## [PROBLEM STATEMENT]
A picture-free, exact copy of all the records below is the goal.

[Dataset records]

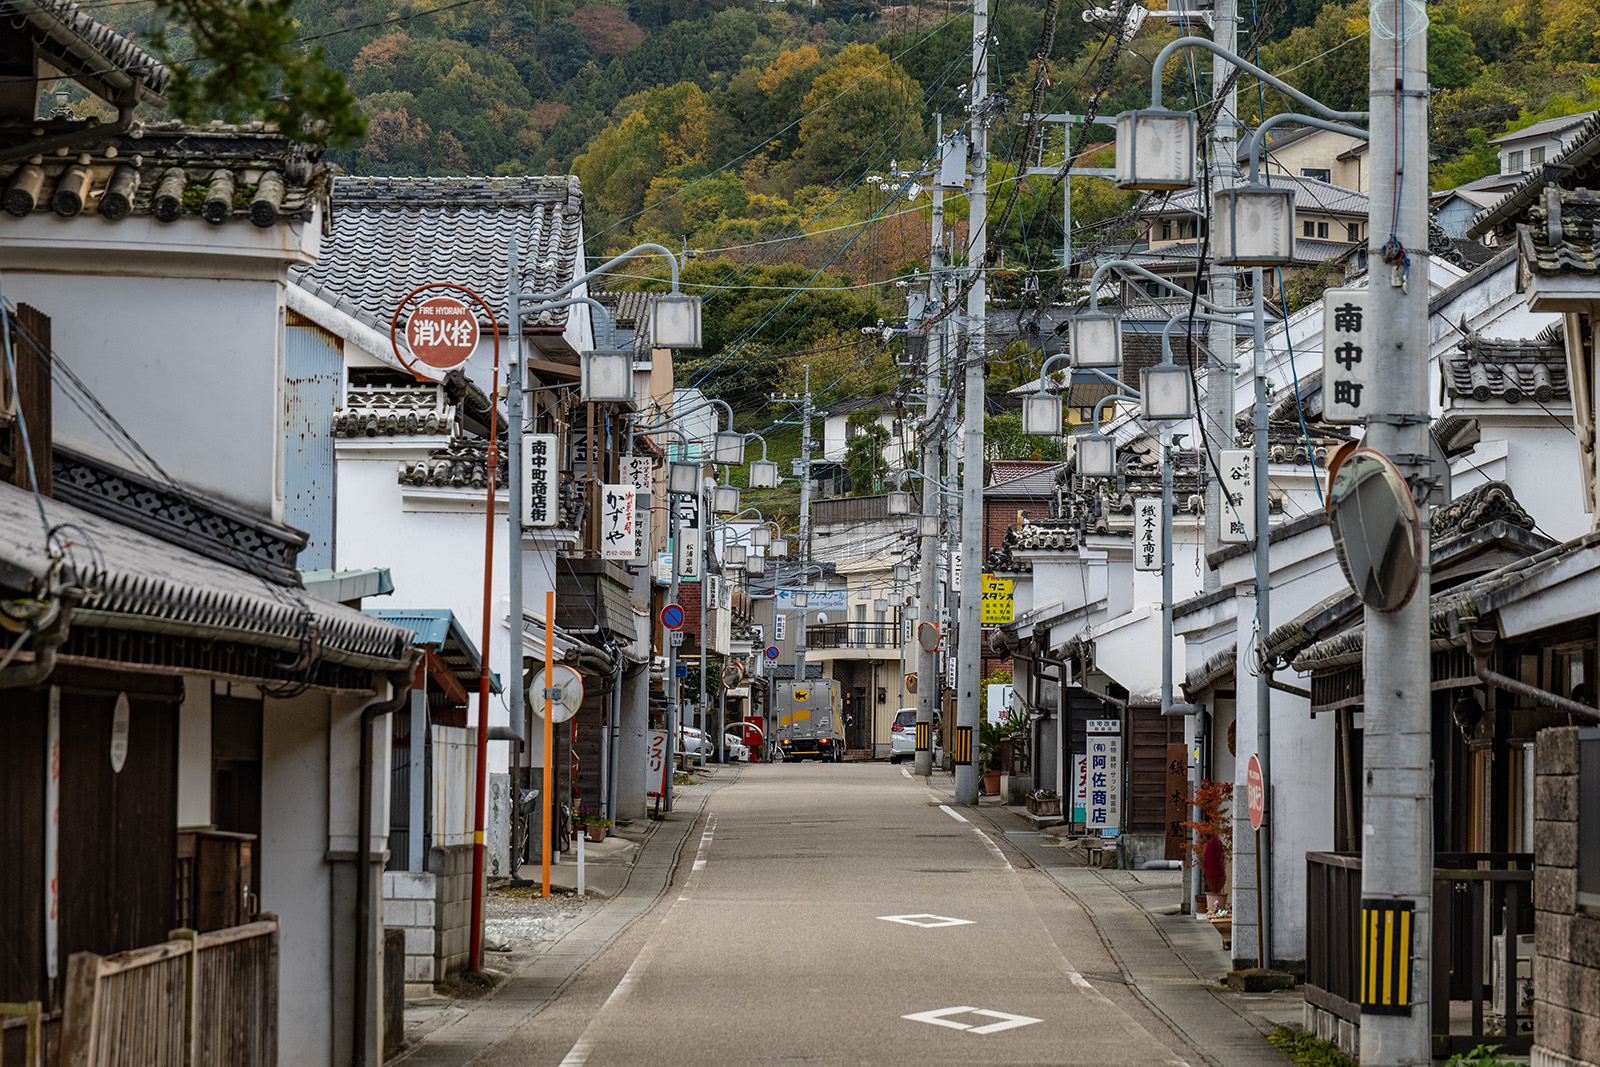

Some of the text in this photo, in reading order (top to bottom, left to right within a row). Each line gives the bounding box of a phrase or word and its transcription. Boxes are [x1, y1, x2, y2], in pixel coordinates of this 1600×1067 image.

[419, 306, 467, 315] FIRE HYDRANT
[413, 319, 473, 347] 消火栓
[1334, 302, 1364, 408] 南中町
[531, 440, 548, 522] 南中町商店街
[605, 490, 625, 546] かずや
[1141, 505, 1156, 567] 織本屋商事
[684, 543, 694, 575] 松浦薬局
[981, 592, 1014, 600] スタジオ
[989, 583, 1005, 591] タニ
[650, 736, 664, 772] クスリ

## [WRITTEN REPLY]
Some of the text in this photo, in reading order (top to bottom, left to right within a row). Each line gives the bounding box of a phrase or word and its transcription. Boxes are [x1, y1, x2, y2], in pixel coordinates of this 1600×1067 image.

[419, 306, 467, 315] FIRE HYDRANT
[413, 319, 473, 347] 消火栓
[1334, 302, 1364, 408] 南中町
[531, 440, 548, 522] 南中町商店街
[605, 490, 625, 546] かずや
[1141, 505, 1156, 567] 織本屋商事
[684, 543, 694, 575] 松浦薬局
[981, 592, 1014, 600] スタジオ
[989, 583, 1005, 591] タニ
[650, 736, 664, 772] クスリ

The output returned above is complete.